After many attempts I went for option b) and I want to confirm that it solved my problems 100%. I now have WoW running perfectly. Of course you have to pay, but for those desperate enough to get it working and considering to buy I just want to let you know that in my case it solved my problems.

PS: If you're FPS sucks try running it in full screen mode if you haven't already.

----------


## andrewjoy

> D3D mode is the default mode for WoW, in Linux or Windows.  Use the -opengl switch for OpenGL.

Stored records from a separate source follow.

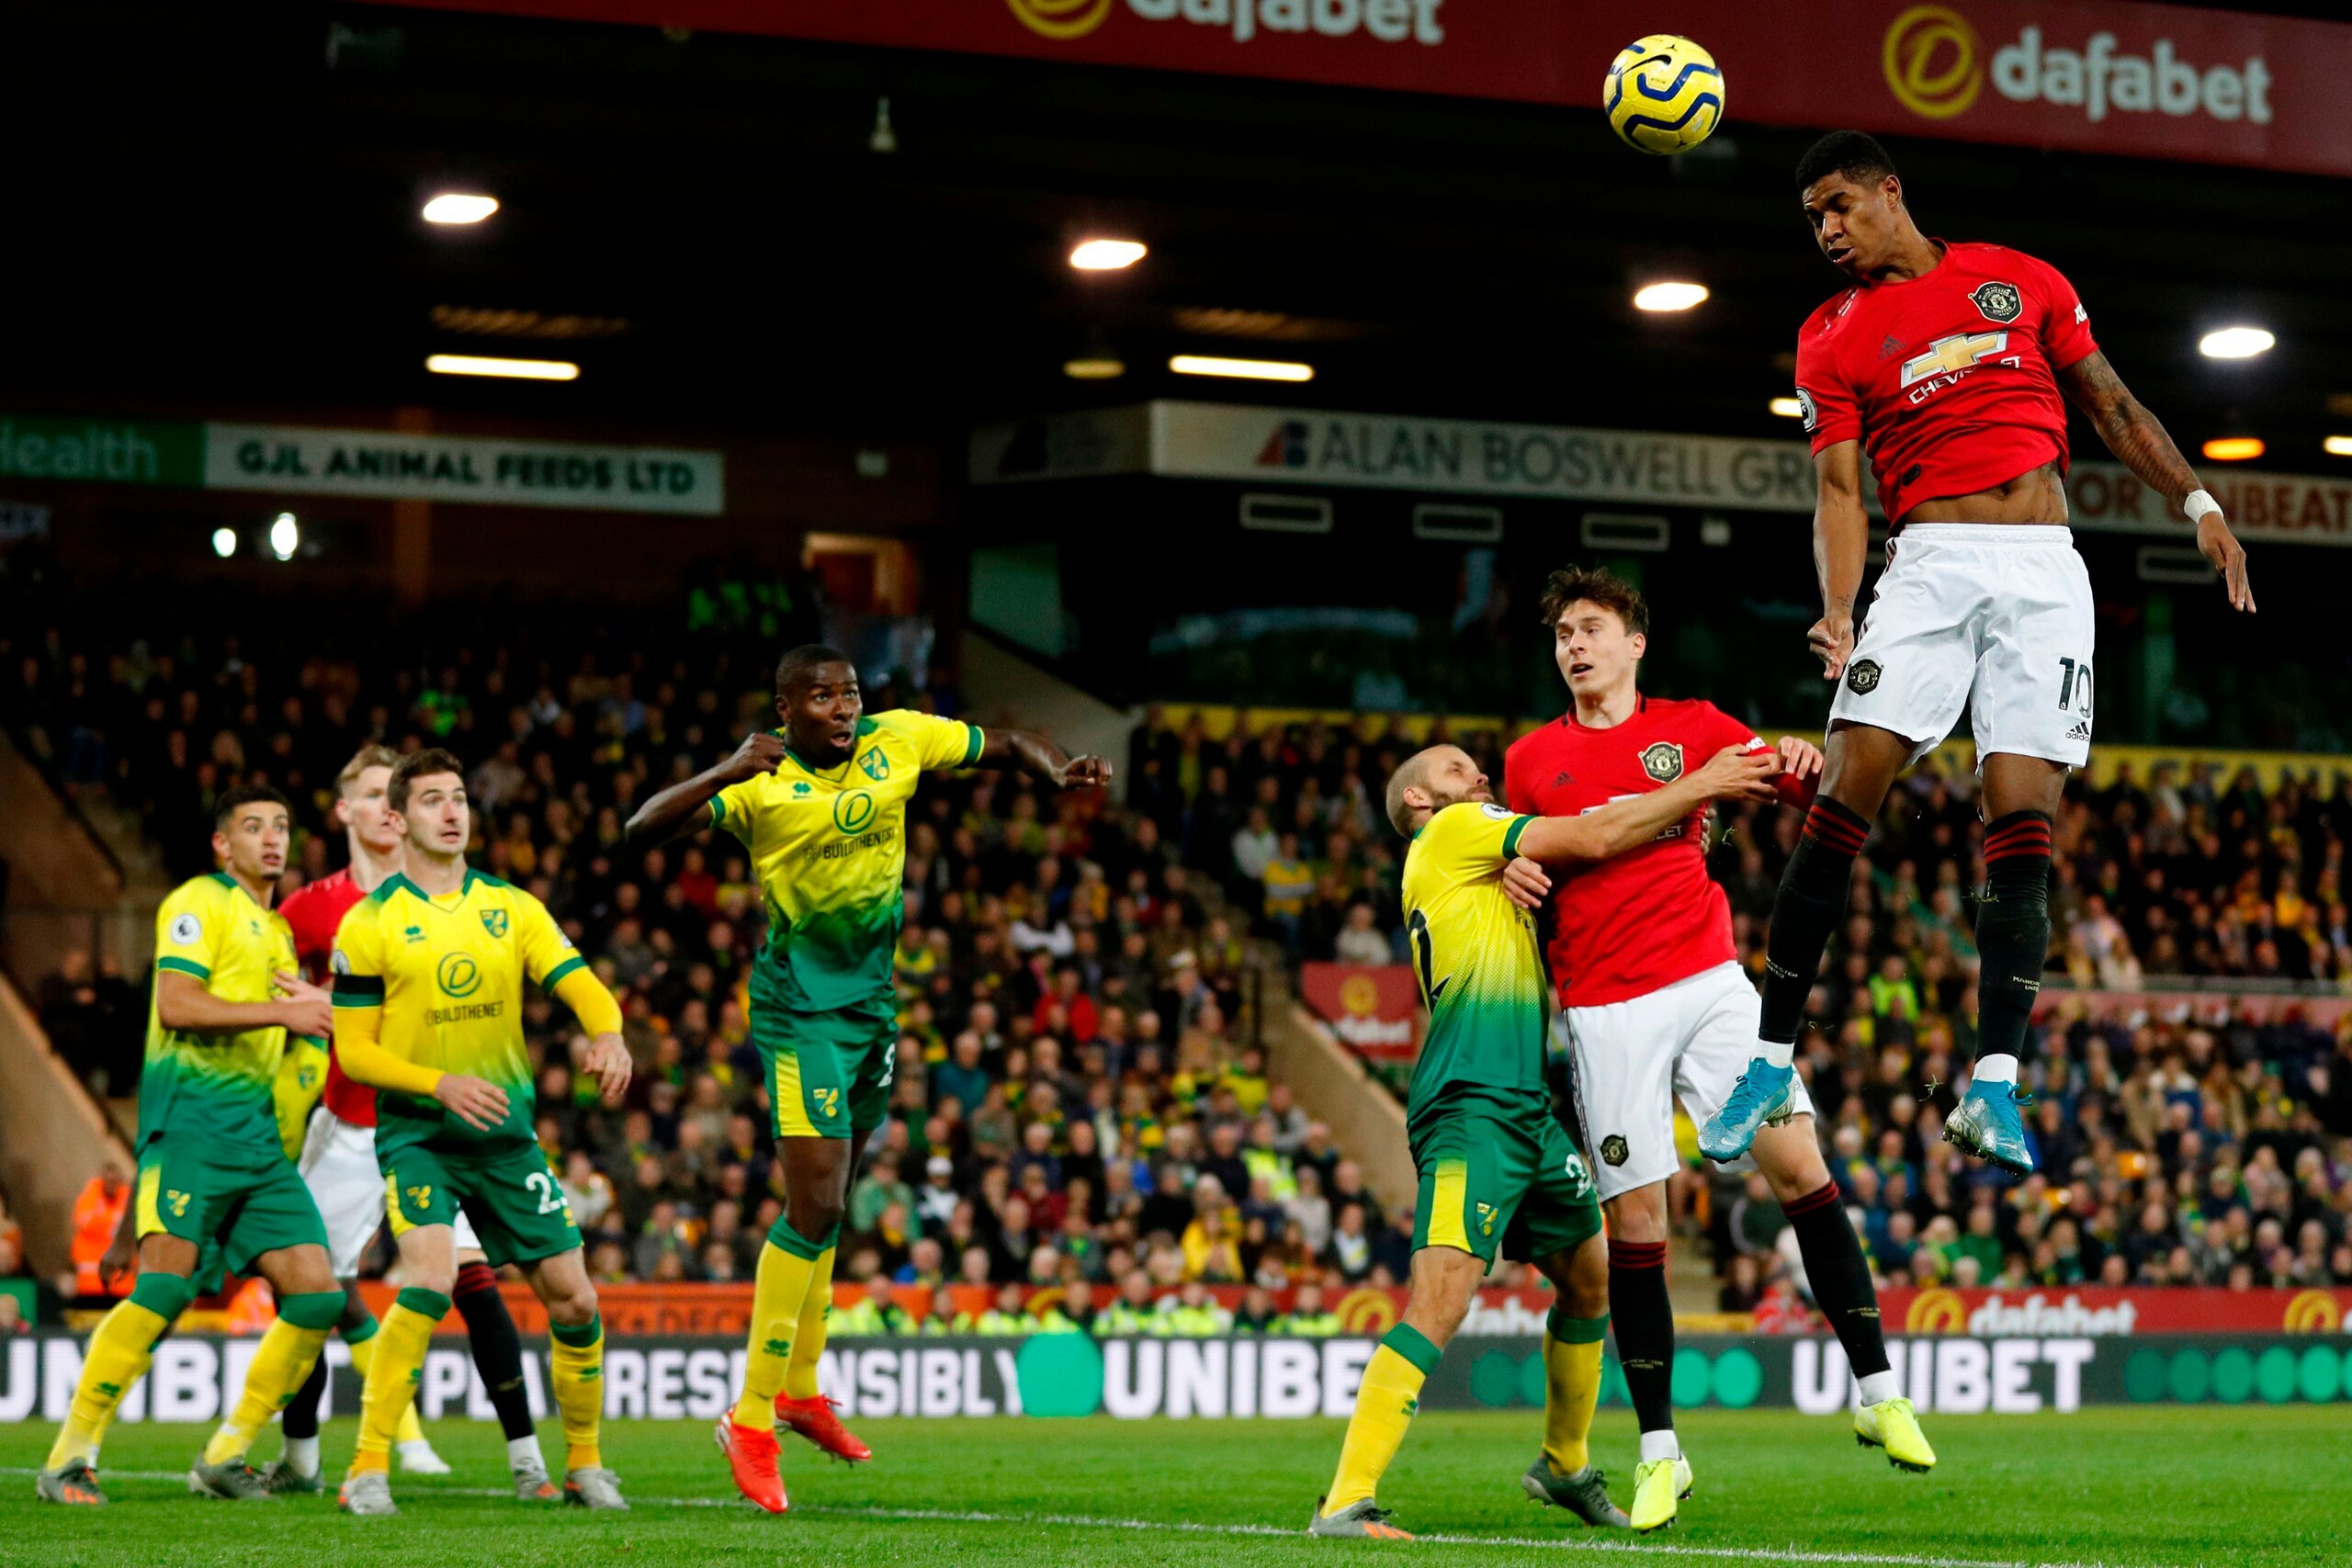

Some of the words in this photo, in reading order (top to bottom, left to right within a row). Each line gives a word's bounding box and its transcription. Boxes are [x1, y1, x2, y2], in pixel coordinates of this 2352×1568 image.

[1990, 24, 2273, 125] dafabet
[237, 440, 309, 477] GJL
[326, 448, 480, 487] ANIMAL
[495, 456, 613, 491] FEEDS
[628, 462, 696, 496] LTD
[1317, 419, 1464, 478] ALAN
[1480, 428, 1724, 498] BOSWELL
[2058, 656, 2093, 719] 10
[2064, 732, 2091, 742] adida
[604, 1348, 1023, 1419] RESNSIBLY
[1103, 1338, 1376, 1419] UNIBE
[1792, 1338, 2097, 1416] UNIBET

The opengl flag is now deprecated you have to edit the config file in Program Files/World of Warcraft/WTF

and add 



```
SET gxApi "opengl"
```

----------


## dcarpenter

This is a problem with the World of Warcraft client and not Wine or Ubuntu.  The Mac WoW client, which runs opengl natively, has support for Hardware cursor and the Windows client does not.  There are plenty of threads about this issue on the official WoW forums, so maybe they will finally get around to fixing it.

----------


## sadris

Anyone else have the issue of--when running in D3D mode--that the terrain textures are missing (grass, roads, etc) since patch 2.4 ?

----------


## emshains

It is laggy, but I can live (play) with that. The real problem of mine is that when I click on buttons border it sort of gets repetetive, it lags 10-60seconds, nothing bad when your traveling, a gravestone if you are in an instance.

----------


## DennisIsAwesome

so...no fix?...

----------


## Mahinva

> This is a problem with the World of Warcraft client and not Wine or Ubuntu.  The Mac WoW client, which runs opengl natively, has support for Hardware cursor and the Windows client does not.  There are plenty of threads about this issue on the official WoW forums, so maybe they will finally get around to fixing it.

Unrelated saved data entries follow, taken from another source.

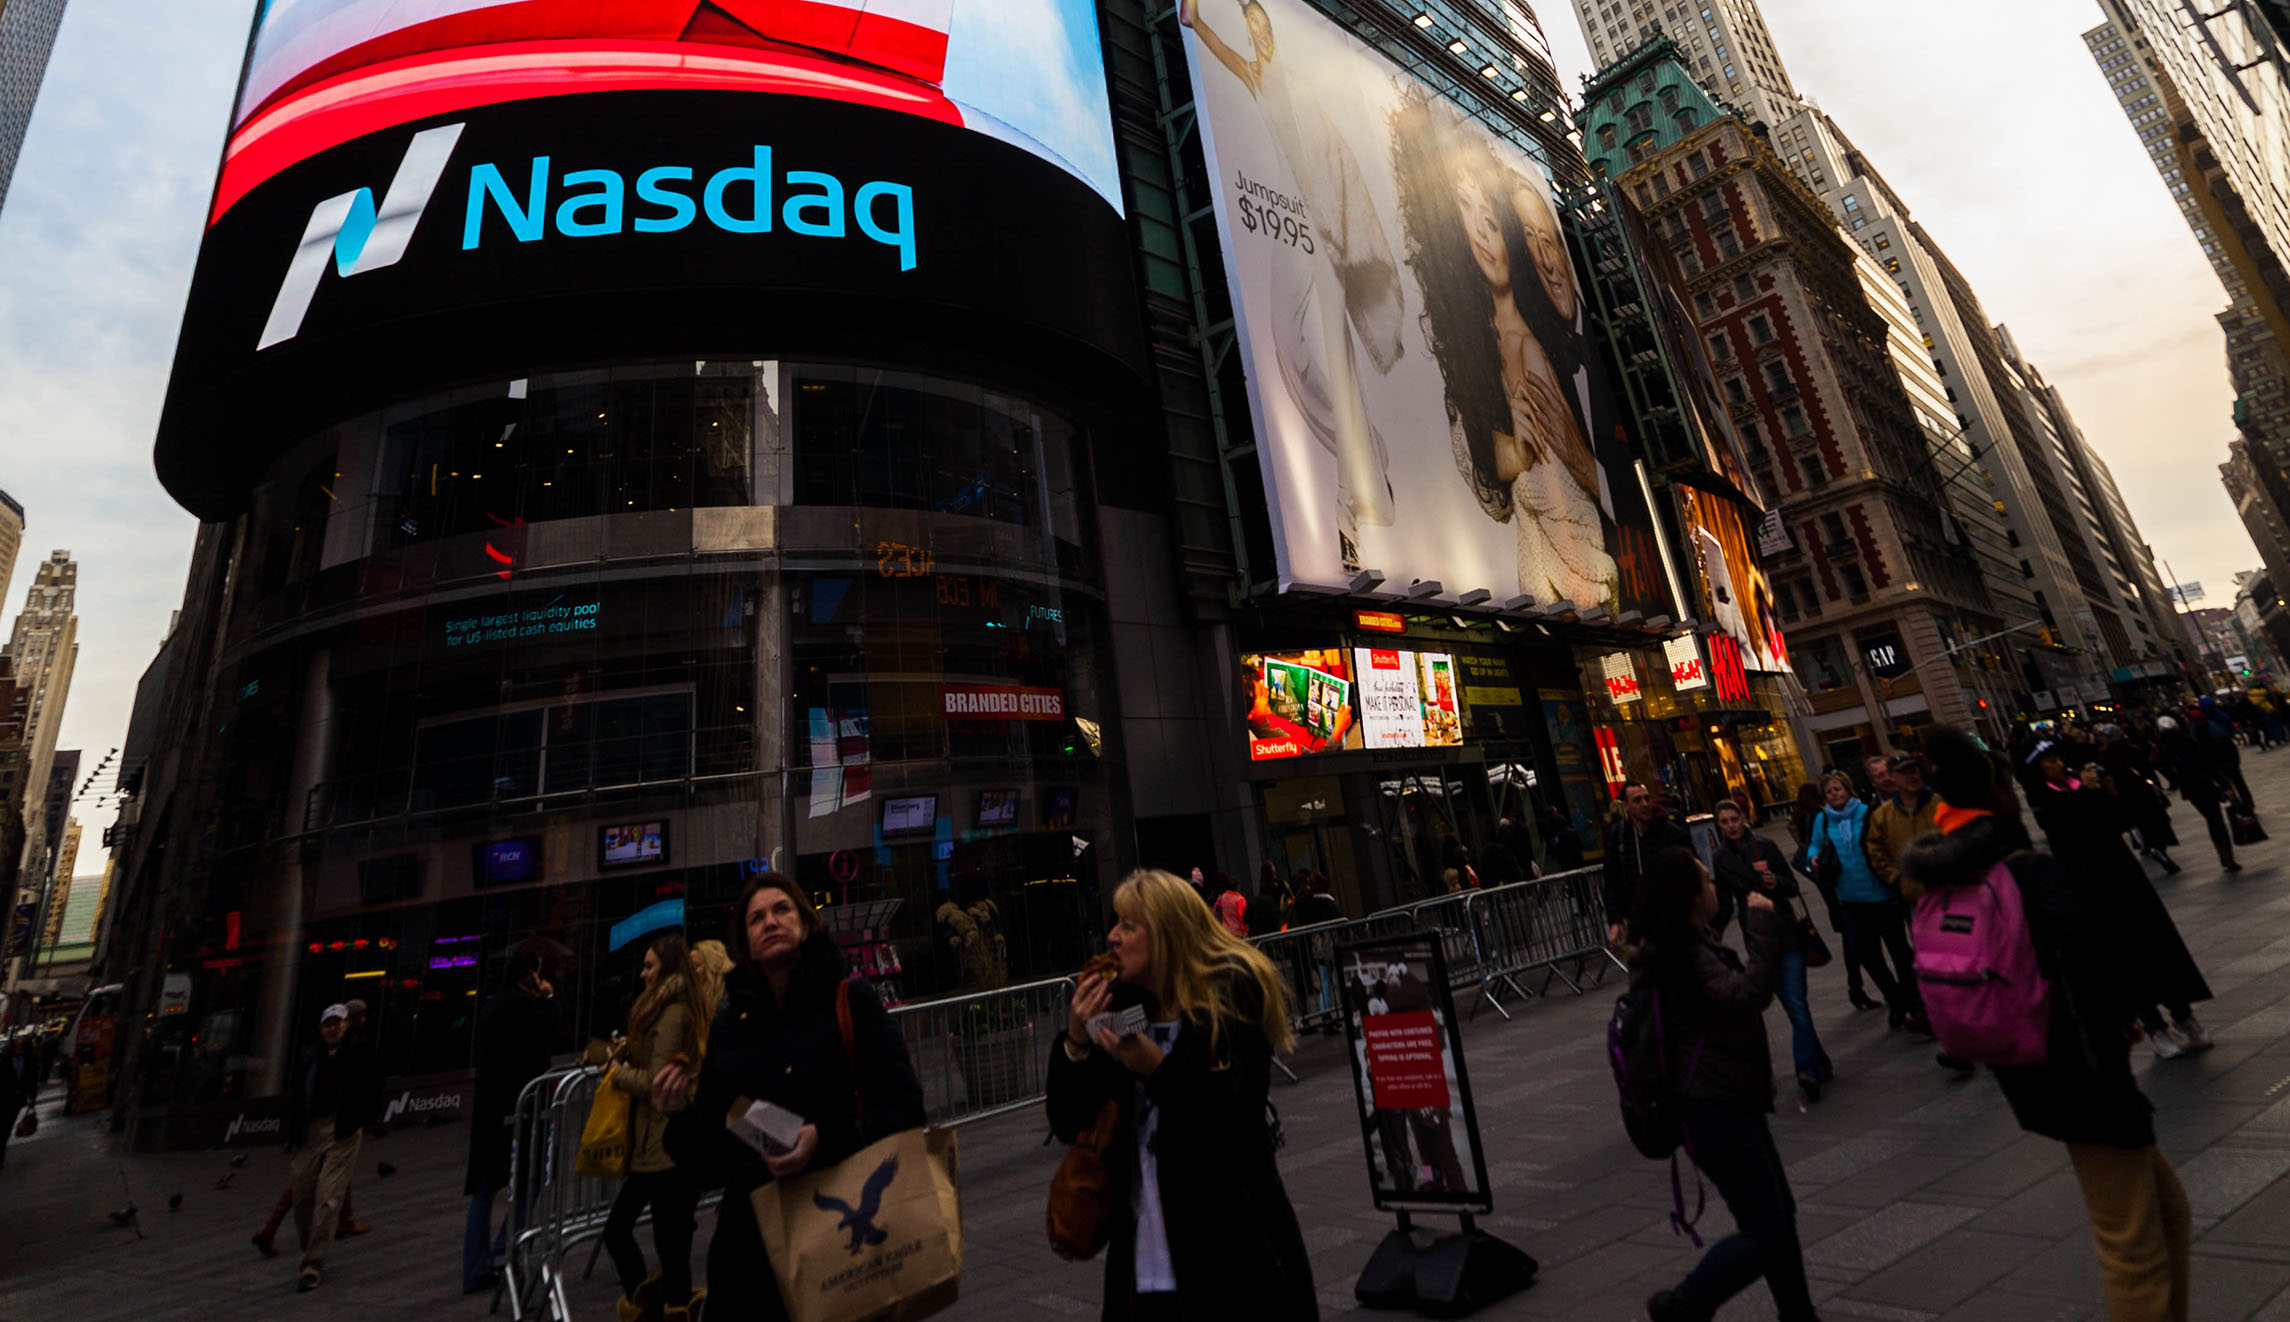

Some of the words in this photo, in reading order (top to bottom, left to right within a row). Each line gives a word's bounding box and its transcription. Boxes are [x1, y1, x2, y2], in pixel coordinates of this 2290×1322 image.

[1235, 170, 1306, 219] Jumpsuit
[462, 143, 917, 272] Nasdaq
[1239, 194, 1314, 255] $19.95
[445, 618, 478, 633] Single
[481, 612, 519, 628] largest
[522, 605, 570, 621] liquidity
[574, 602, 600, 616] pool
[1030, 605, 1062, 623] FUTURES
[447, 634, 463, 647] for
[519, 623, 546, 637] cash
[550, 618, 596, 633] equities
[1870, 645, 1895, 668] GAP
[945, 693, 1018, 713] BRANDED
[1019, 694, 1061, 714] CITIES
[1365, 696, 1382, 711] MAKE
[1256, 741, 1297, 755] Shutterfly
[408, 1092, 461, 1112] Nasdaq
[243, 1116, 280, 1134] Nasdaq
[820, 1256, 882, 1290] AMERICAN

This confuses me. The copy of WoW I own is a PC version (I have played WoW on XP since 2005). Currently, I have WoW installed on my Ubuntu partition and my XP partition. If I play WoW on the XP partition, I do have the Hardware Cursor option. In Ubuntu, I do not.

Now, a bit of hopefully logical questions...

1) If a person owned a Mac version of WoW, could they play it on Ubuntu?
2) Would the Mac version of WoW play natively, or would a Wine-like program need to be used?
3) Would the Mac version support Hardware Cursor?
4) Why is it that when I play WoW on XP, I can enable Hardware Cursor, but in Ubuntu, I cannot?

If the lack of Hardware Cursor is Blizzard's fault, is it because many Ubuntu users have to add *SET gxApi "opengl"* to their config/wtf? Does this cause WoW to say "okay, I'll play the game in openGL mode, but I can't turn on hardware cursor" ?

I really do want a solution to come along. Changing the mouse sensitivity ingame to the maximum setting only does a bit of good.

I'd love Dell to come along and say to Blizzard,

"Hey, guys... You know, we offer Ubuntu now as an OS, and we have a deal with you for our laptops. Maybe you should support Ubuntu, so people who try to run Ubuntu on our WoW-edition laptops can actually play WoW without having to jump through hoops."

----------


## aaronsol

I noticed this hasn't been updated in more than six months, has any found any solutions to this problem yet?

----------


## boogarat

Ditto the last guy, 6 months and no update? I'd just like an update refresher letting us linux noobs know if its still a problem with opengl not having a hardware cursor option, or if there has actually been some sort of fix out there for the lag hell for wine and cursors in WoW.

----------


## Zoquara

I found a fix.. at least, I think I did. Under Video>Resolution (in-game settings) I set my refresh to 69 (the highest I could) and it seems to have helped w/ the mouse lag issue, w/o making anything else lag.

----------


## aaronsol

I'll give that a try in the morning when I get up. Hopefully that will solve the problem.

----------


## aaronsol

Unfortunately that doesn't seem to have made much of a difference to mine. Or rather, if it did, it's a very small difference, because I can't tell if it's a little bit better or if right now is just one of the good times where it works almost right.

----------


## SKLP

I hope this helps  :Smile: 
http://ubuntuforums.org/showthread.php?p=6644716
Atleast It has worked great for me  :Smile:

----------


## Snypercell

i had no idea this issue had been around for so long. wow. i cant believe blizz wont recognize this as a real issue.... i mean, its all over their forums, as well.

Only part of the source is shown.